Why Is This Better Than Locks or Naive Atomics?¶
- Zero contention on data: Only the relevant thread ever touches its own index; the buffer slot is always written then the index updated.
- No locks, no blocking: No mutex, semaphore, or heavy synchronization.
- Scalable for high-throughput: On modern CPUs, with careful alignment and use of explicit atomics, this design can achieve tens or hundreds of millions of messages per second with minimal cache traffic.
Practical Usage (like OpenPilot VisionIPC, ML data streaming, etc.)¶
- Used in high-throughput situations like camera frame streaming, audio pipelines, or neural model pipes, where classic locks or blocking sync would be a performance bottleneck.
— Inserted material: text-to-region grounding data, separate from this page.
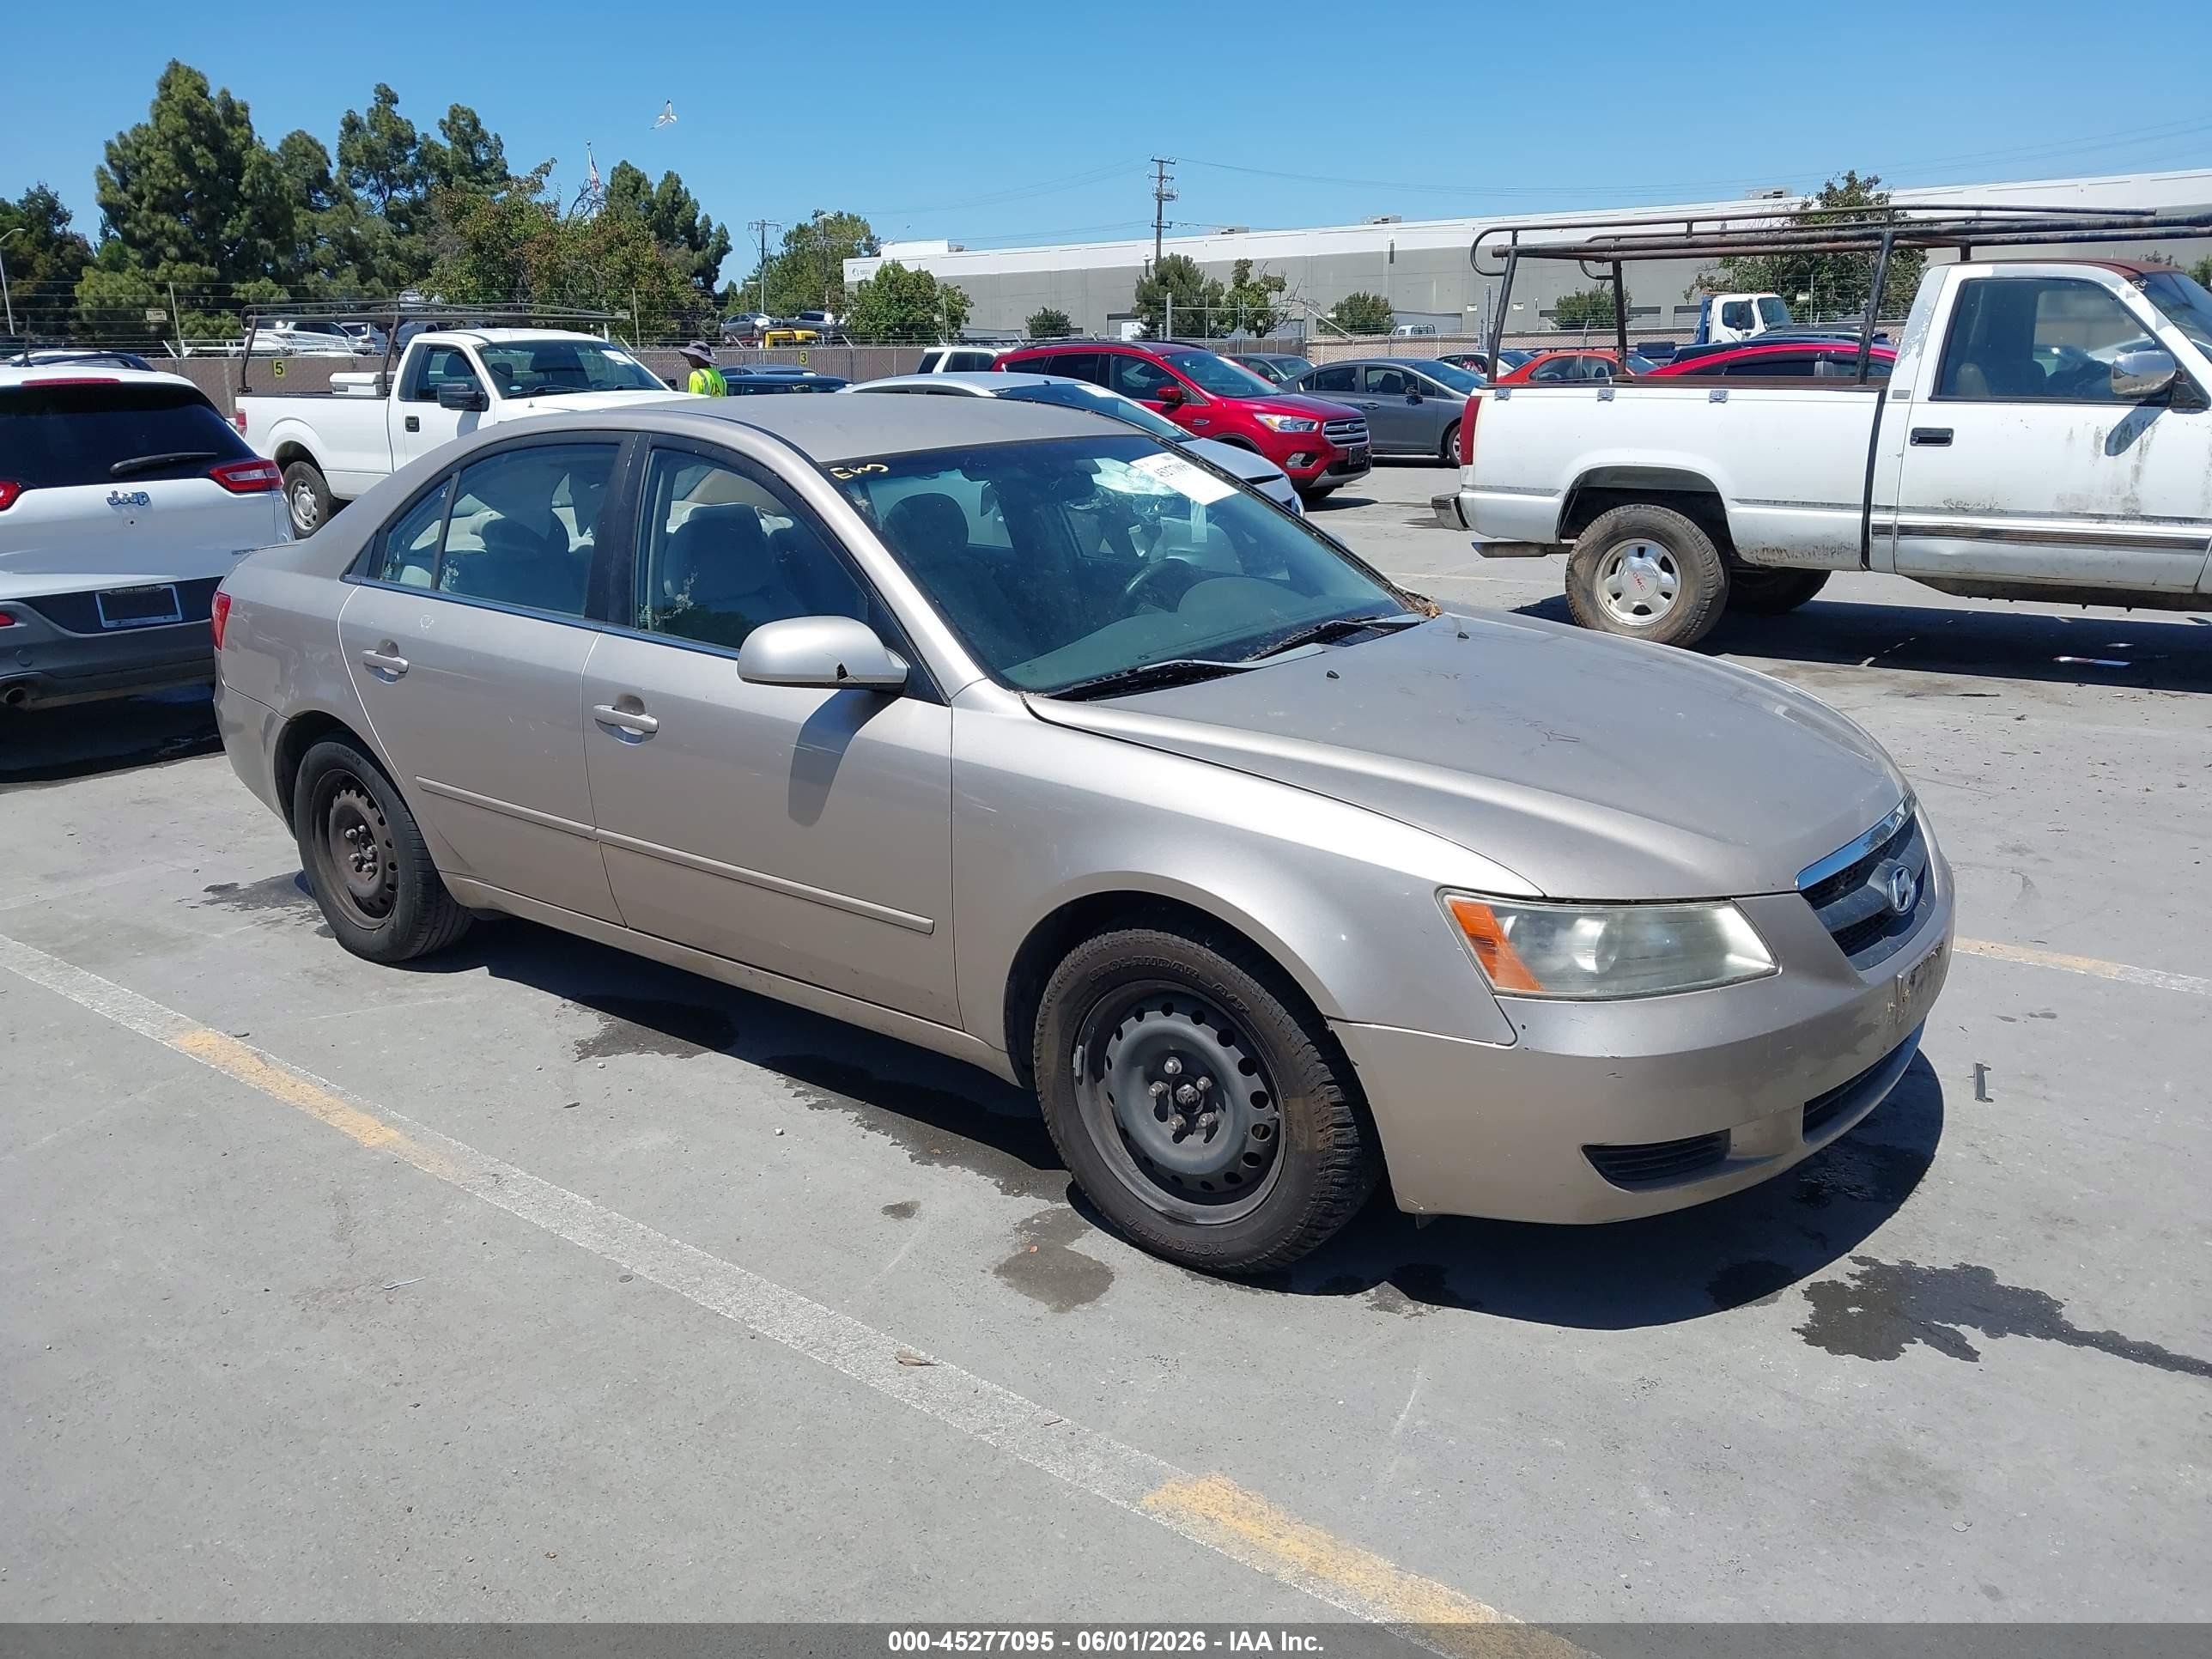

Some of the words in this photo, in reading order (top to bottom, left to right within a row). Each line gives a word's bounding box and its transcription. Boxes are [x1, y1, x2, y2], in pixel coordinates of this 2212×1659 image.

[800, 352, 807, 363] 3
[275, 362, 283, 375] 5
[106, 489, 150, 506] Jeep
[1632, 570, 1647, 592] GMC
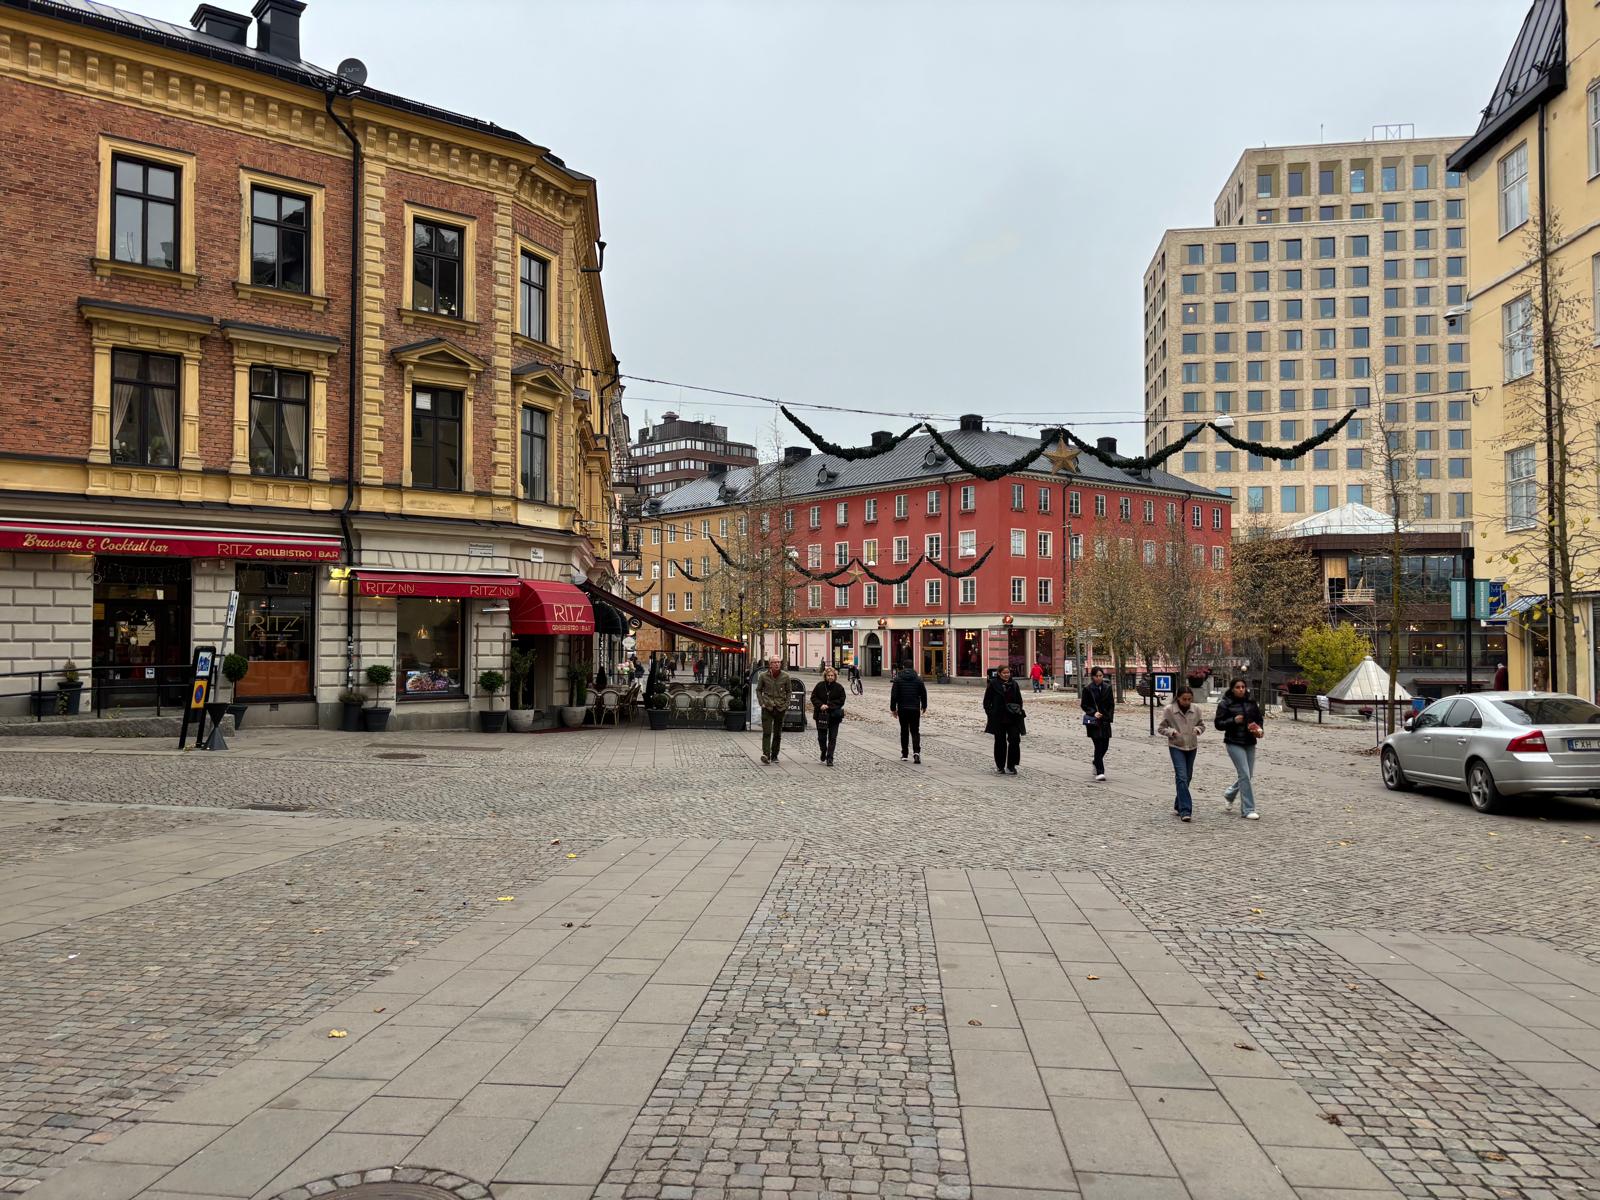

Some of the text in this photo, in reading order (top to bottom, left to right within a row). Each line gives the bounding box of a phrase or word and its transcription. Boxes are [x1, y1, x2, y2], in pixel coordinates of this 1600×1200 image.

[23, 533, 169, 552] Brasserie & Cocktail bar
[217, 543, 253, 556] RITZ
[255, 548, 313, 558] GRILLBISTRO
[366, 582, 398, 593] RITZ
[470, 585, 498, 596] RITZ
[553, 604, 586, 622] RITZ
[248, 615, 300, 632] RITZ
[1574, 740, 1592, 749] FXH
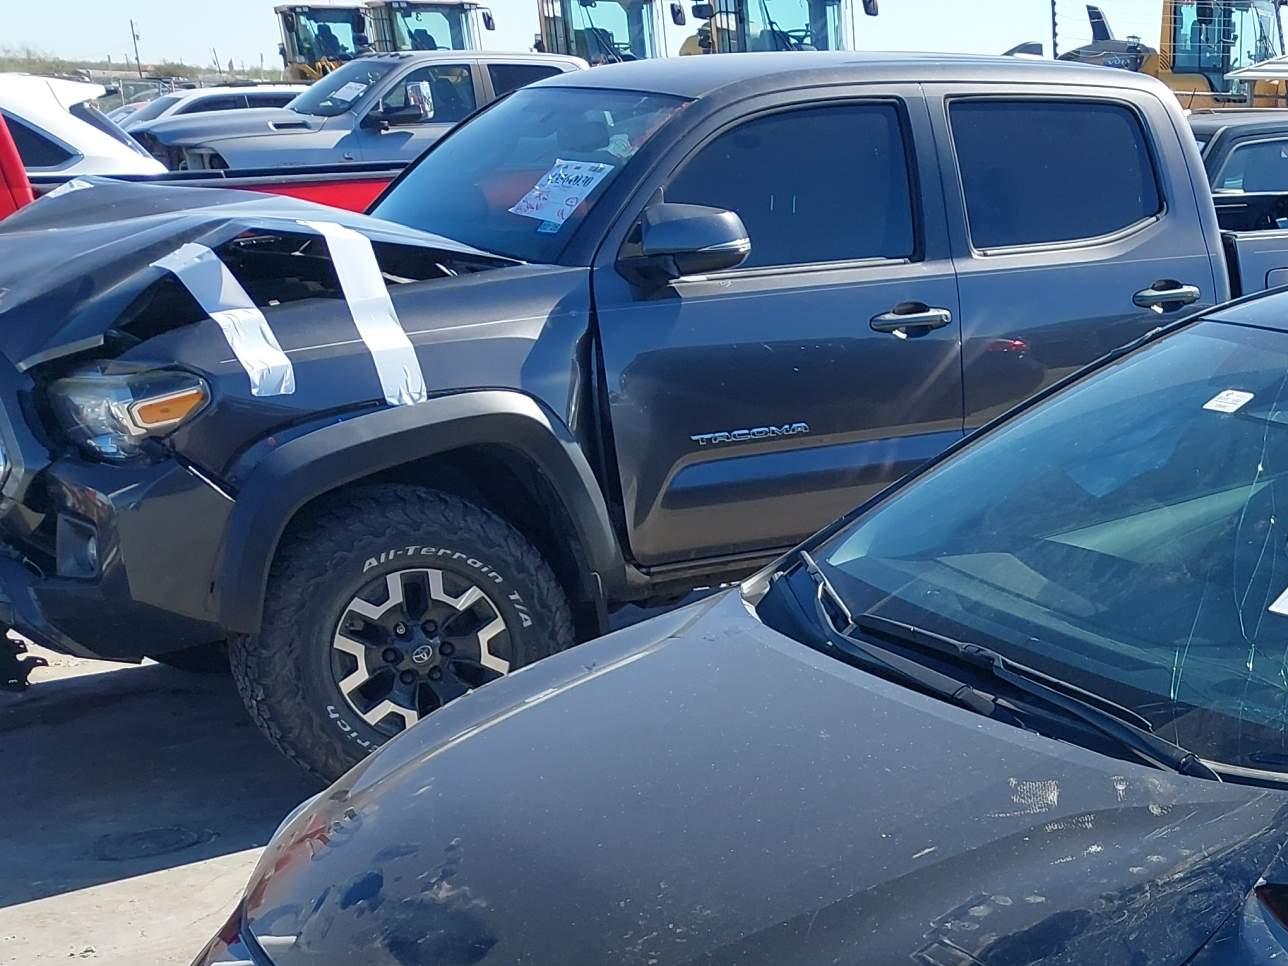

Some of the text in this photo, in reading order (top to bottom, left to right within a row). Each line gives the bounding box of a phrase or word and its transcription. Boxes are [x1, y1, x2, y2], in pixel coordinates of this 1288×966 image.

[690, 422, 810, 445] TACOMA
[363, 545, 532, 628] All-Terrain T/A
- Constraint: You must have exactly one producer and one consumer. If you need multiple, see MPMC (multi-producer multi-consumer) queues, which are much more complex.
Summary Table¶
| Feature | SPSC MengRao Queue |
|---|---|
| Threads supported | 1 producer, 1 consumer |
| Lock required? | No |
| Blocking/Waiting? | Never |
| Throughput | Extremely high |
| Caveat | Exactly 1 prod/1 cons |
| Used in | Networking, vision, ML |
See more:
- MengRao/SPSC_Queue - queue_spsc.h — See also the README for benchmarking and usage.
RCU (Read-Copy-Update)¶
Linux kernel’s primary mechanism for read-mostly shared data. O(1) read-side cost: no locks, no atomics, no cache-line writes — only preempt disable/enable.
Reader side¶
rcu_read_lock();
ptr = rcu_dereference(gp); // READ_ONCE + compiler barrier
/* use *ptr — guaranteed valid until rcu_read_unlock */
rcu_read_unlock();
Writer side (copy → modify → publish → wait → free)¶
- Allocate and populate a new version of the object.
- Publish:
rcu_assign_pointer(gp, new_obj)(smp_wmb + pointer store). - Wait for a grace period: all pre-existing readers have finished.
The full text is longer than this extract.